The game is called "Put up, or shut up"

One of the real sources of pain for this team has been the long-time lack of real KPIs or duty statements. What we've had (and what's made it so hard to manage Ted E.) is that the ones we have had are so toothless and generic that it's impossible to measure any kind of performance against it. Points were awarded, essentially, for turning up at some point during the day and looking at your email. You didn't need to do anything productive with it - just look at it. Even reading it was optional, as Ted E. demonstrated time and again. So one of the many challenges facing The Invertebrate was working out what people should be doing, and how to measure their actual ability. 

Two of the things that Ted E. has been complaining relentlessly about, but contributed nothing towards resolving, have been having to give people information on the phone ("Why can't we just give everyone access to all our systems?"*) and the different information resources used across our area such as wikis and shared documents ("They're just another place to have to look for stuff, and I don't like them and don't know how to use them."**)

Finally it wears The Invertebrate down, and he has a bright idea.

"Tell you what, Ted - those can be your KPIs.  Find out what information the other teams want, whether they want access to our systems, and what we need to do to make it available to them. Then you can look at our part of the wiki and begin working out what needs to go there and how we should organise it."

Ted E., of course, is aghast. He spends the first month after that complaining constantly to the other teams that he's been told to achieve something. Another month passes and he realises that the tasks aren't going to go away if he ignores them, and that for the first time since he started here he's going to undergo a performance review where he'll actually have to demonstrate that he's made a legitimate effort to do something.

To his dismay, he discovers that the other teams don't want direct access to our systems for much the same reasons I don't want them to have access. He's going to have to keep answering half-a-dozen phone calls a day (I made him keep a phone log once for a couple of weeks to quantify how busy he was with the phone - his busiest day was 15 phone calls in 8 hours). So that was a setback for him, but it's given him something new to complain about. 

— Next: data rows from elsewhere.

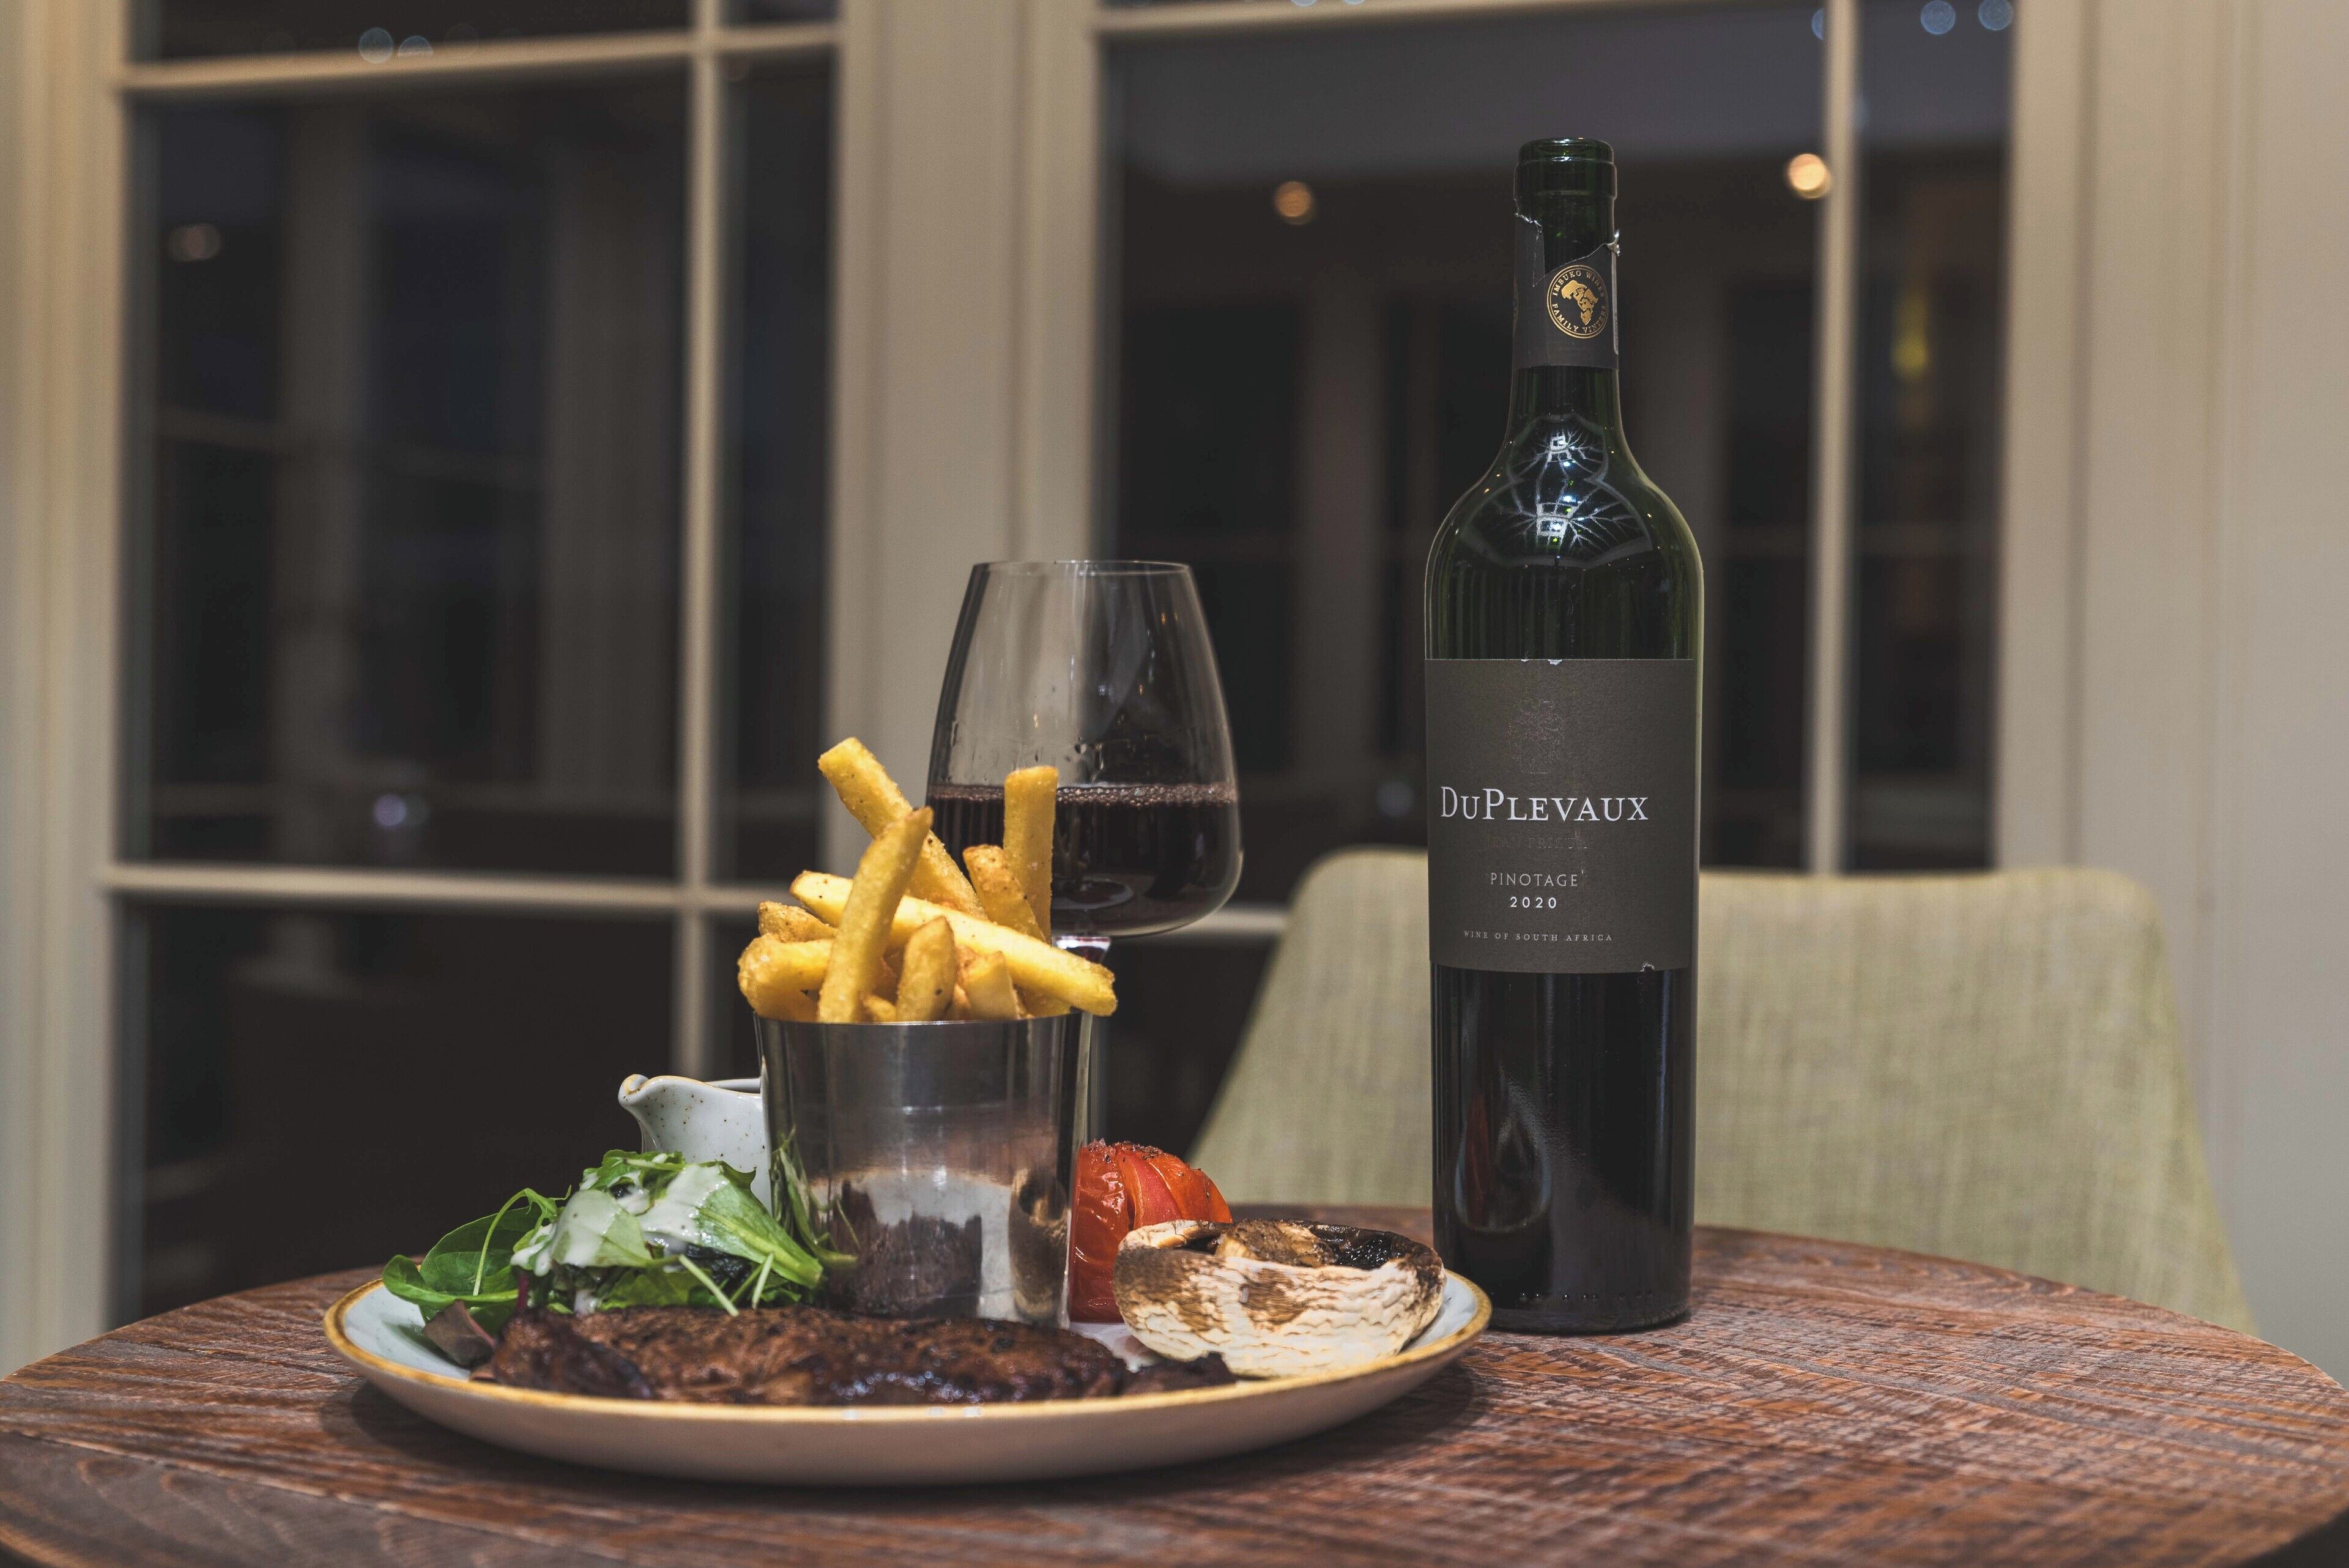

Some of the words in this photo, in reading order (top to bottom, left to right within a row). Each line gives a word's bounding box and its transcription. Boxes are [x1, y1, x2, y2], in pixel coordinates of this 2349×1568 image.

[1552, 270, 1581, 296] IMBUKO
[1552, 303, 1579, 332] FAMILY
[1490, 872, 1578, 887] PINOTAGE
[1510, 896, 1557, 909] 2020
[1464, 930, 1488, 939] WINE

Much more entertaining was his very late realisation that he hadn't just been asked to look at the organisation's wiki and complain about what he didn't like, but had to suggest a useful way to remedy this. He asked The Invertebrate to explain again to him what he was supposed to do and almost had a coronary when he misunderstood the answer and thought he was being asked to actually write content for other people to read (and complain about). He relaxed visibly when The Invertebrate clarified that all he had to was propose a workable structure.

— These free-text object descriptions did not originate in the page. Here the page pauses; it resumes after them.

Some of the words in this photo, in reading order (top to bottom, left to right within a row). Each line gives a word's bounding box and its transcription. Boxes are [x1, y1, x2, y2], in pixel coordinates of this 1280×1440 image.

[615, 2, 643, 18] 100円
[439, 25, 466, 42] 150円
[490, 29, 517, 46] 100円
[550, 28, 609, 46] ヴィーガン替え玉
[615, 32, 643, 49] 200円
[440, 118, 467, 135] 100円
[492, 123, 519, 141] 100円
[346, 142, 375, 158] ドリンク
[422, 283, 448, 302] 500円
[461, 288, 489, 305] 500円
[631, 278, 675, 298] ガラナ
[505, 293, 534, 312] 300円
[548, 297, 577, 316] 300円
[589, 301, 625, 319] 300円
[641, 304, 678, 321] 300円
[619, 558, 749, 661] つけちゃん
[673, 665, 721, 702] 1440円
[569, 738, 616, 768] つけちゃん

Then he went wild-eyed and surly when The Invertebrate clarified that writing content was going to be part of his next round of KPIs.

It's not quite the regular beating that Ted E. needs to keep him in line, but it will do for now.



* Answer: because it's an unintuitive and unnecessarily complex home-grown system that no-one completely understands; 95% of the information in there isn't relevant to the handful of phone queries Ted E.'s trying to get out of answering; and experience dictates that we can't trust the other teams to use the 5% that is relevant responsibly (or even legally). 

** The Ted Solution here is that we should continue to hide our own information in The Morass, and complain loudly that no-one tells him anything or writes anything down for him where he can find it without thinking.

3 comments:

FelixAndAva said...

Possibly dumb question: what's a KPI?

Argh said...

Key Performance Indicator: basically it's a performance goal where he and The Invertebrate agree on a couple of things Ted E. should work towards as part of his performance review, where there's a measurable outcome. The ones we have now are a big step up on the previous ones, which were the equivalent of getting marks just for turning up each day and keeping the seat warm.

FelixAndAva said...

Thanks. Hadn't heard that term before.